▶ **WORK ITEM**: Type out the lines below exactly, pictures excluded.

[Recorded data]
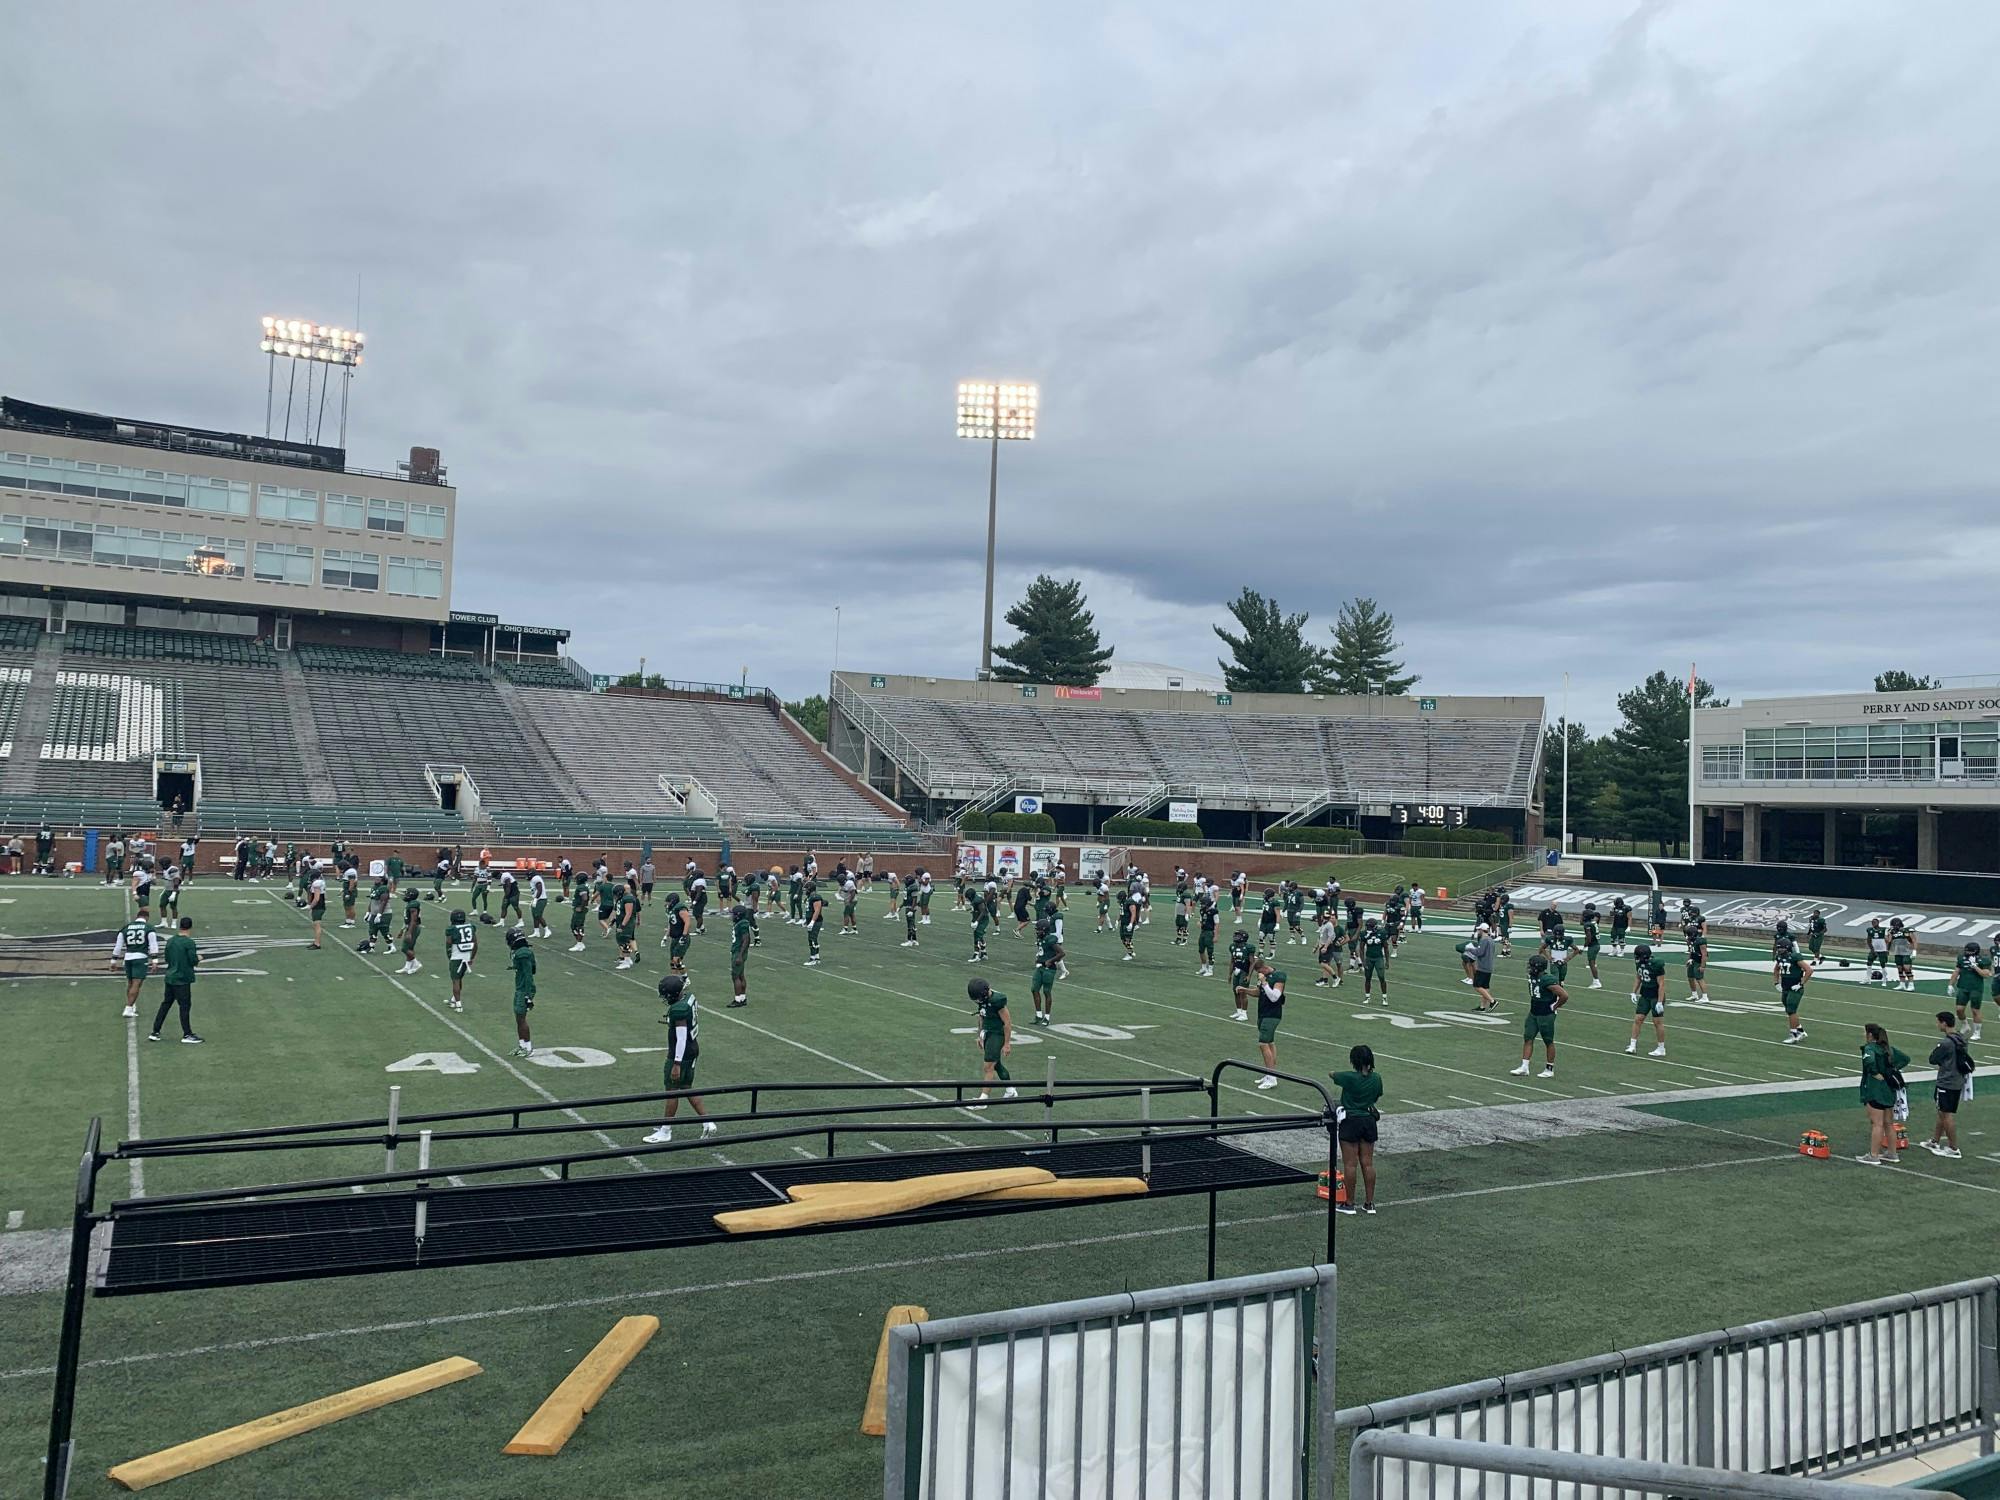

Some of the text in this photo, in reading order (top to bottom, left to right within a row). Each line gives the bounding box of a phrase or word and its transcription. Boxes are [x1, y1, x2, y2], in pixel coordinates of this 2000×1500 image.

[451, 613, 476, 622] TOWER
[504, 625, 557, 635] OHIO BOBCATS
[1863, 703, 1901, 714] PERRY
[1903, 702, 1930, 713] AND
[1933, 700, 1975, 711] SANDY
[1400, 810, 1408, 823] 3
[1418, 805, 1444, 818] 4:00
[1455, 811, 1463, 825] 3
[126, 930, 146, 945] 23
[459, 927, 473, 943] 13
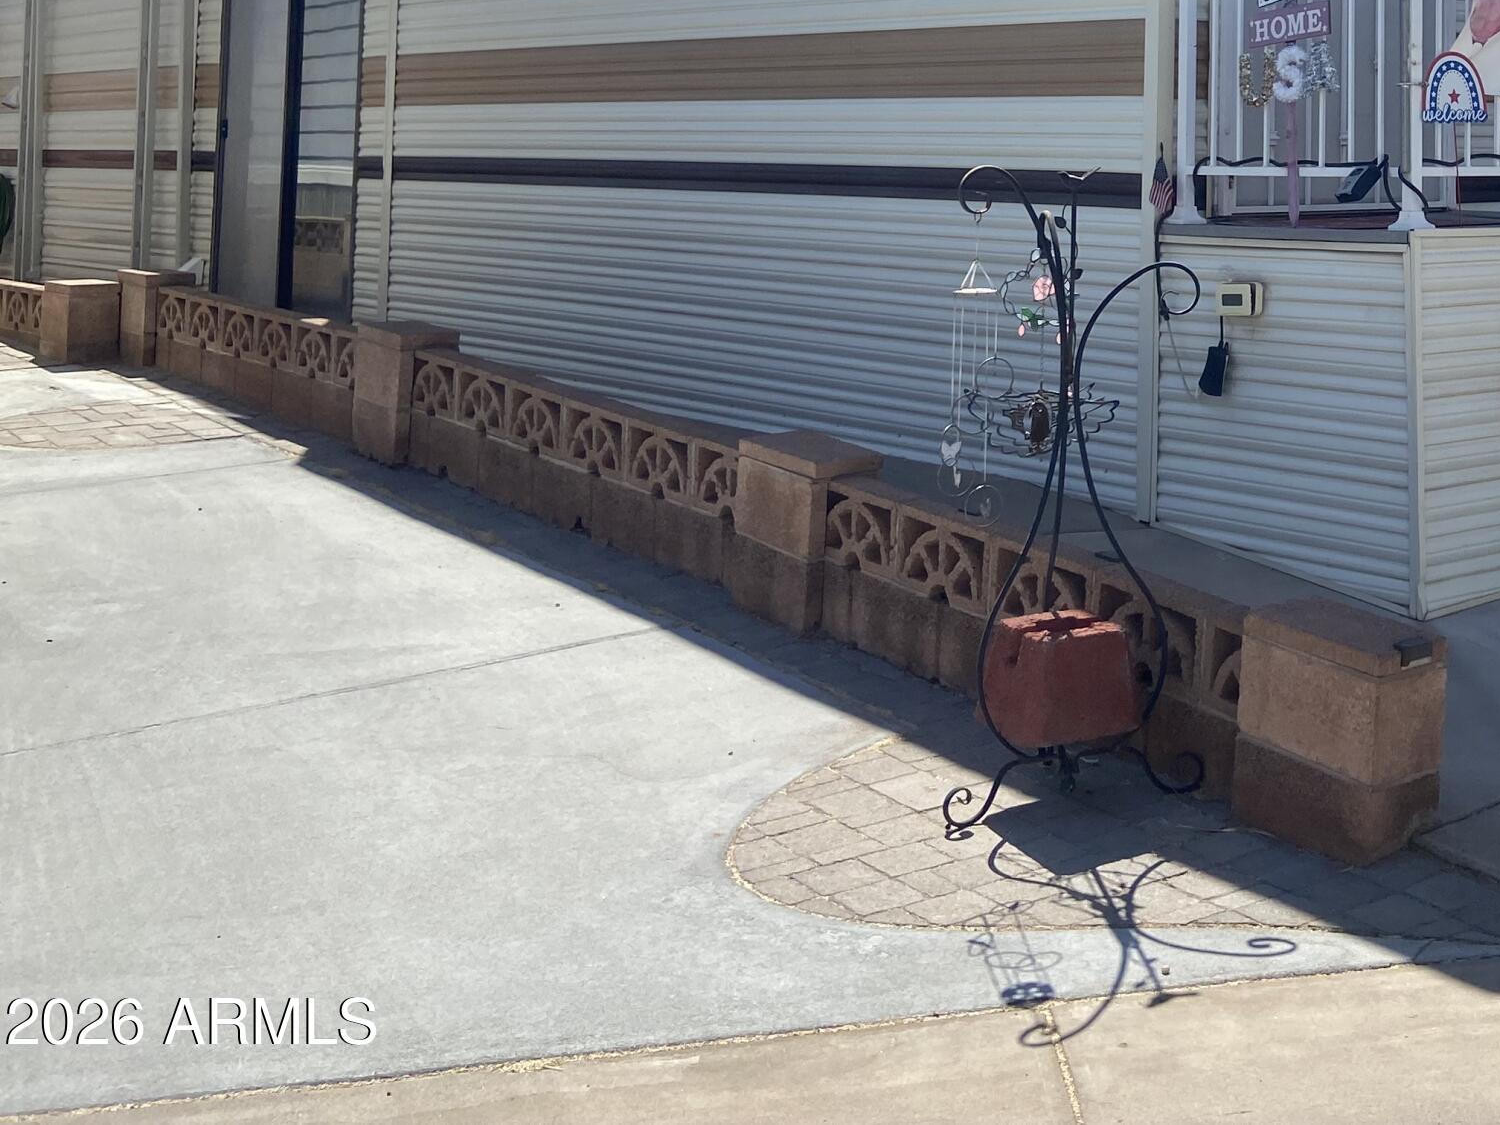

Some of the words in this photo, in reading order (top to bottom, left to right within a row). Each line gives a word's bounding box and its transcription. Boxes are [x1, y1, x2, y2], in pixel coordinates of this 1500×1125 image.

[1254, 8, 1323, 43] HOME
[1239, 41, 1340, 107] USA
[1422, 103, 1488, 122] welcome
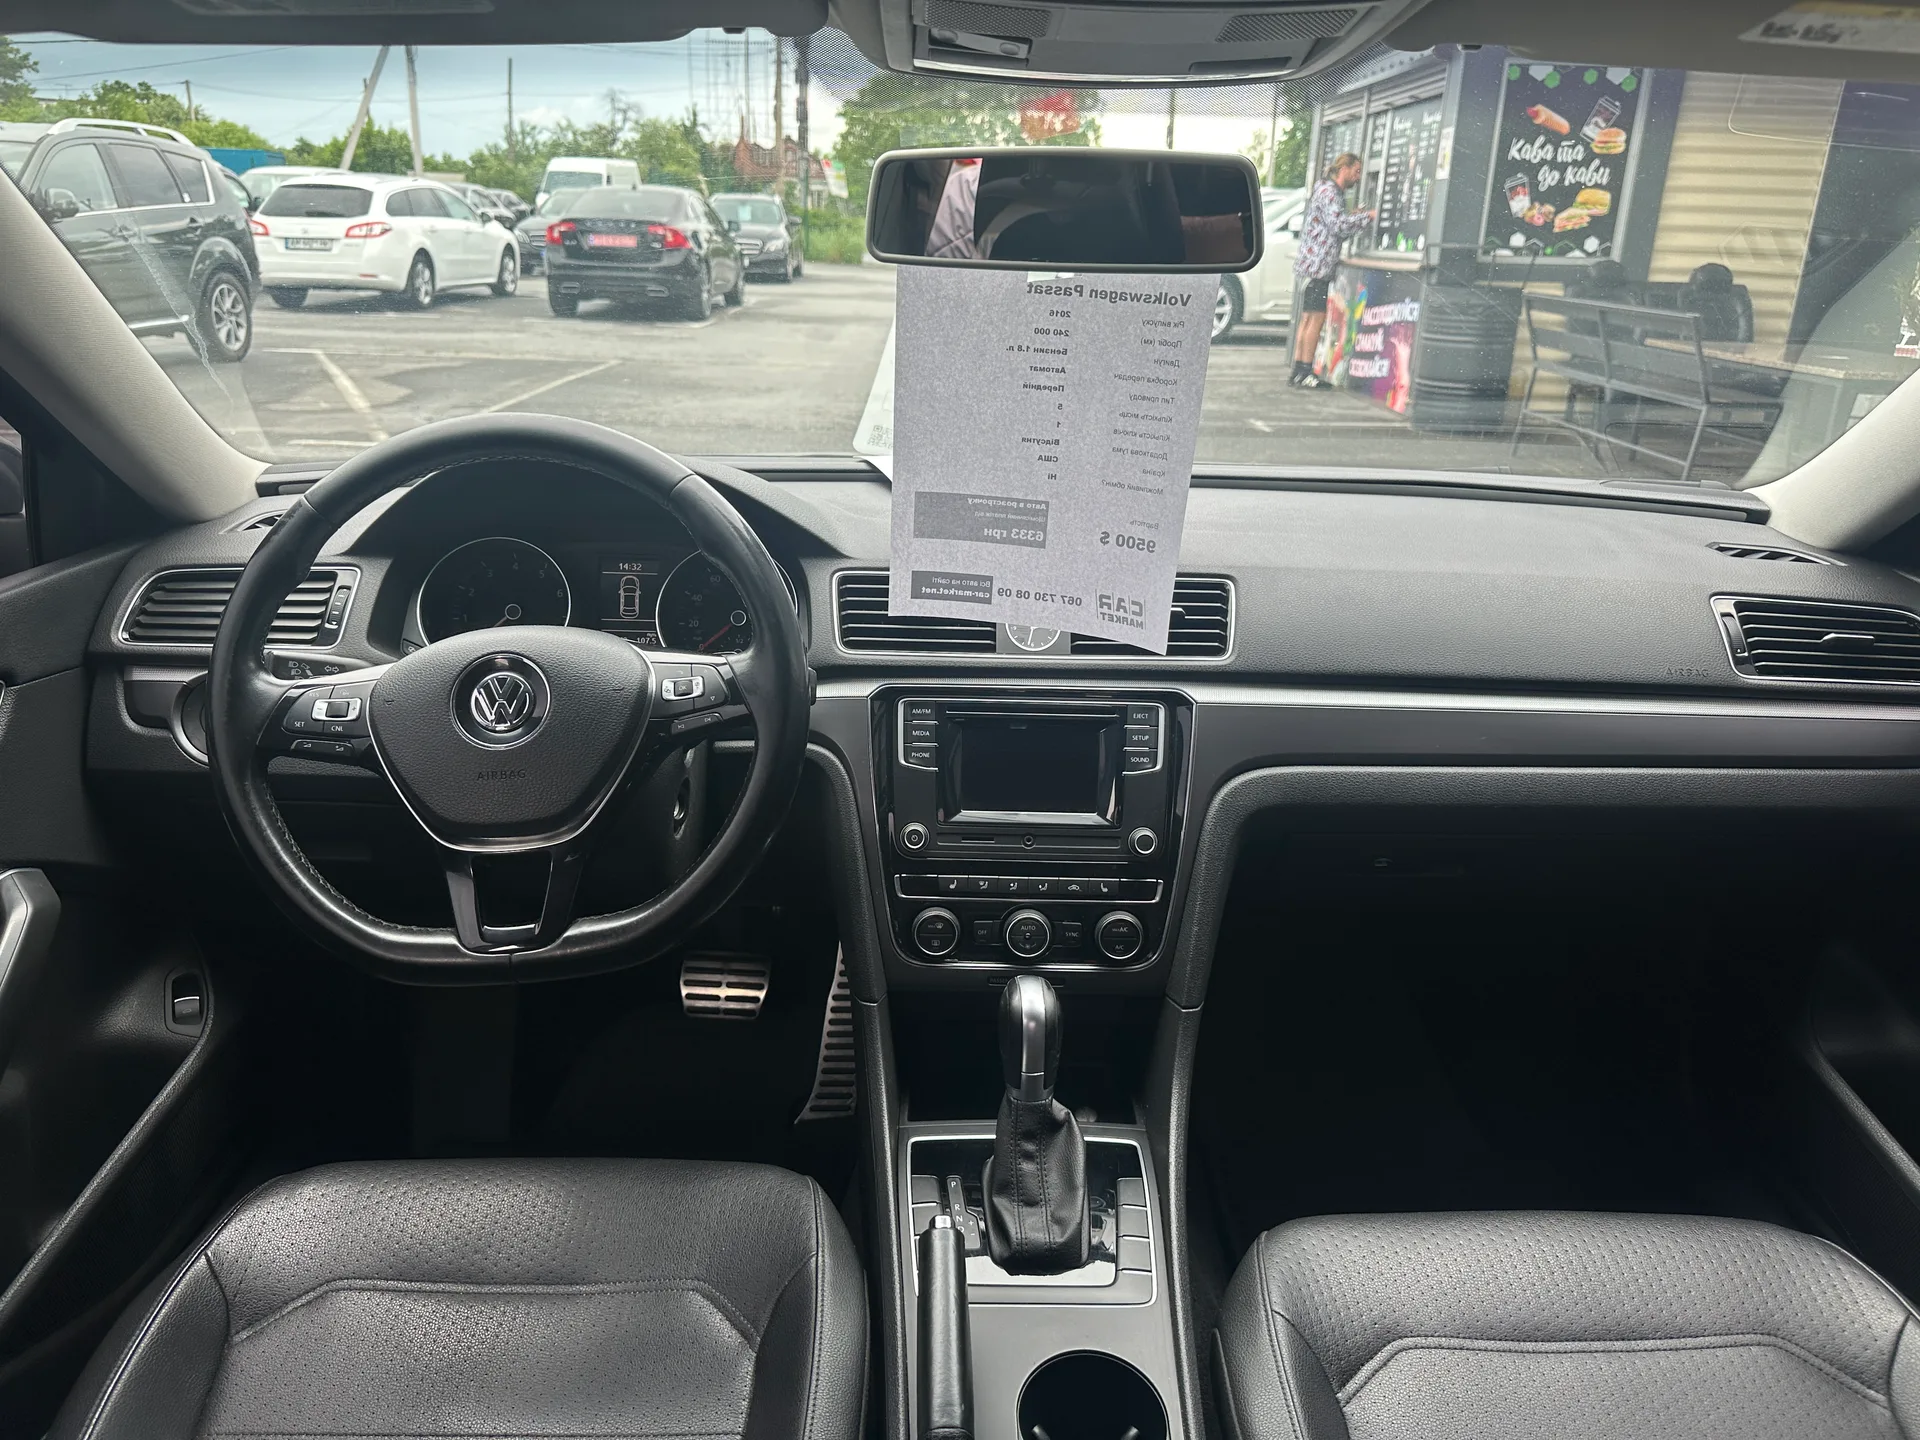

▶ **TASK ANSWER**:
Some of the text in this photo, in reading order (top to bottom, left to right within a row). Each line gives the bounding box of a phrase or word and its transcription. Boxes are [x1, y1, x2, y2], in pixel coordinates of this 2000×1500 image.

[451, 613, 476, 622] TOWER
[504, 625, 557, 635] OHIO BOBCATS
[1863, 703, 1901, 714] PERRY
[1903, 702, 1930, 713] AND
[1933, 700, 1975, 711] SANDY
[1400, 810, 1408, 823] 3
[1418, 805, 1444, 818] 4:00
[1455, 811, 1463, 825] 3
[126, 930, 146, 945] 23
[459, 927, 473, 943] 13

Some of the words in this photo, in reading order (top to bottom, left to right within a row). Each line gives a word's bounding box and its transcription. Boxes are [x1, y1, x2, y2], in pixel coordinates of this 1500×1125 image.

[1254, 8, 1323, 43] HOME
[1239, 41, 1340, 107] USA
[1422, 103, 1488, 122] welcome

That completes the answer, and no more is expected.